The Pistoia Alliance is launching the third phase of its Chemistry, Manufacturing and Controls (CMC) Process Ontology project.
The global, not-for-profit alliance that advocates for greater collaboration in life sciences R&D is hoping the new phase will solve one of the biggest barriers to digital transformation in life sciences: inconsistent, siloed experimental and process data that limit automation, technology transfer and AI adoption.
The Alliance is supported by leading organisations including Eli Lilly, Amgen, ZS, Crown Point Technologies, Merck & Co, AstraZeneca, GSK and Johnson & Johnson.
It recently published results from its Lab of the Future 2025 survey, showing that while 81% of labs use electronic lab notebooks (ELNs) and 77% expect to adopt AI within two years, nearly half still cite data standards and ontologies as a major gap preventing data from being fully FAIR and reusable.
Without a shared semantic framework, information across R&D and manufacturing remains fragmented, requiring scientists to continually reinterpret and reformat data rather than focus on science.
"Data is the foundation for the next era of innovation in life sciences and no single organisation can solve the interoperability challenge alone,” said Dr Becky Upton, President of the Pistoia Alliance.
“The strength of the Alliance lies in uniting our members from across the industry to create shared frameworks that accelerate digital transformation."
"AI and automation rely on structured, interoperable data and through this next phase of the CMC Process Ontology we will deliver practical standards that make life sciences data AI-ready and interoperable from the lab through to manufacturing."
The CMC Process Ontology creates a common language for describing how medicines are developed and manufactured.
By defining processes and parameters in a consistent, vendor-neutral format, it facilitates structured data exchange between ELNs, laboratory information management systems (LIMS) and Manufacturing Execution Systems.
Building upon the ISA-88/95 standards, it supports more efficient technology transfer, process analytics and AI-driven decision-making.
Phase 3 will build on its existing coverages for small-molecule, biologic and synthetic processes, testing interoperability with vendor systems and releasing open resources to drive adoption.
By standardising how process data are described, it also improves repeatability, helping scientists reproduce and compare results across sites and systems facilitating technology transfer.

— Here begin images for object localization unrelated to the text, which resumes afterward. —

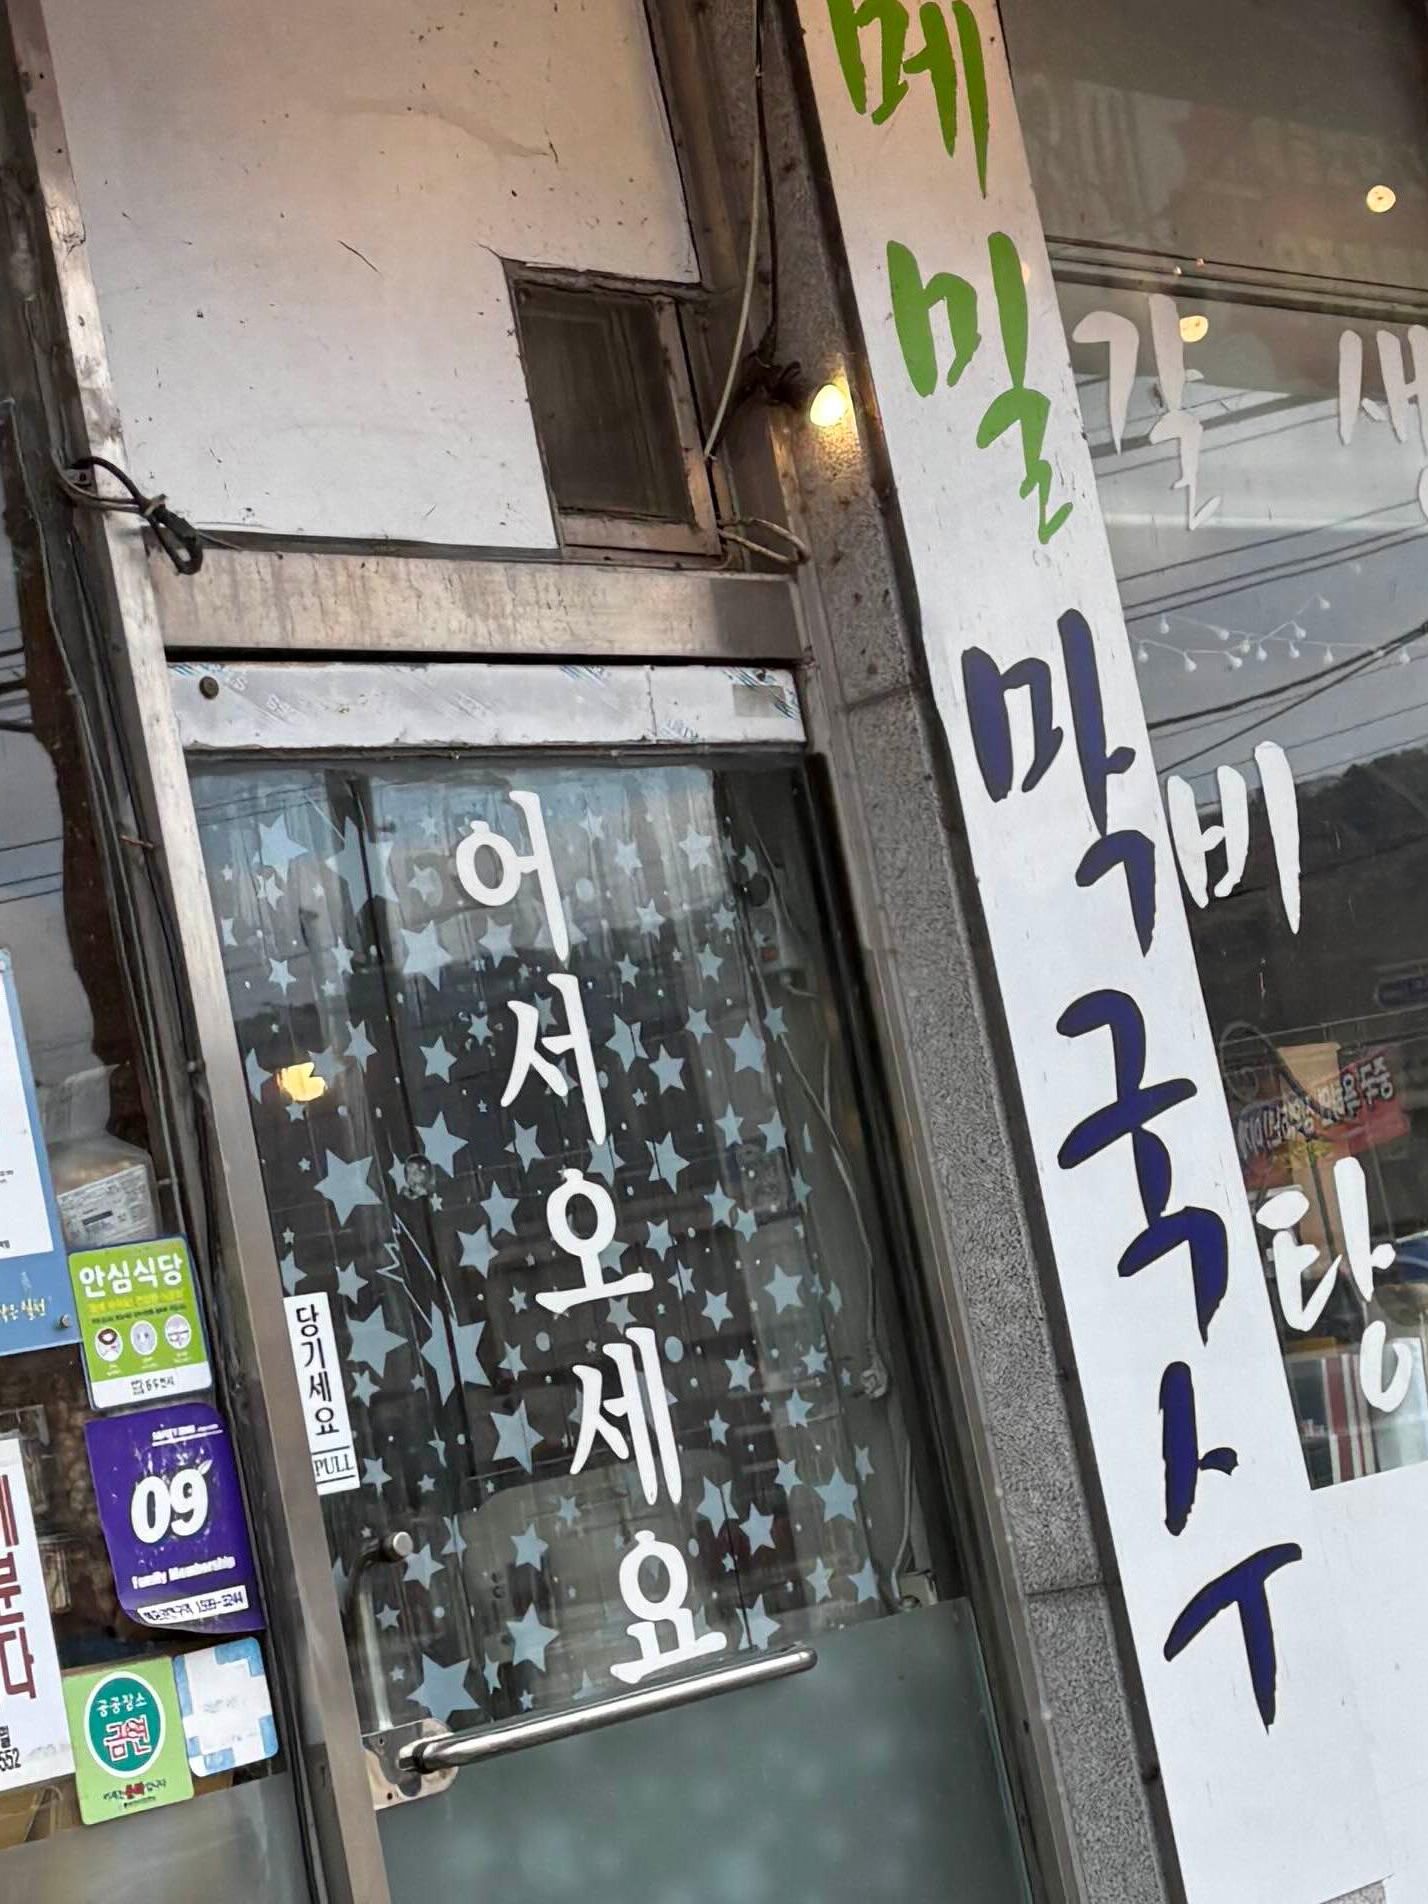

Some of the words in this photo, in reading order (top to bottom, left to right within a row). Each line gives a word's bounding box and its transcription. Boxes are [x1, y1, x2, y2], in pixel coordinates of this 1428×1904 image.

[959, 607, 1305, 1736] 막국수
[79, 1252, 184, 1299] 안심식당
[295, 1303, 340, 1437] 당기세요
[313, 1453, 355, 1477] PULL
[96, 1692, 149, 1718] 공공장소
[103, 1714, 152, 1763] 금연

Following a successful proof of concept, Phase 2 broadened the CMC Process Ontology to encompass chemical, mAb, and CAR-T manufacturing, fully defining process steps, key parameters and P-S-O-A (process, stage, operation, action) designations to deliver a comprehensive, production-ready ontology.
The team refined how process steps and parameters are defined, creating a standardised vocabulary that allows recipes to be written, understood and shared consistently across systems.
This work laid the foundation for industry-wide data standardisation and smoother integration between laboratory, manufacturing and automation platforms.
"Phase 2 gave us a strong foundation for making data interoperable across the industry," said Dr Birthe Nielsen, Project Lead, Pistoia Alliance.
"Phase 3 is about putting that work into action by expanding the ontology, testing it with real systems and building the framework to sustain it long term."
"Our goal is to make experimental and process data easier to reuse, share and trust across the industry."
"By improving data consistency, we also make experiments more repeatable and results easier to verify, as well as ensuring optimal process scale-up and optimisation.”
The Pistoia Alliance is inviting pharmaceutical companies, technology vendors and research organisations to join Phase 3 as project sponsors and contributors.
Participants will have the opportunity to shape an industry-wide standard for interoperable, machine-readable CMC process data, influence vendor roadmaps for digital lab systems and accelerate the integration of automation and AI in R&D and manufacturing.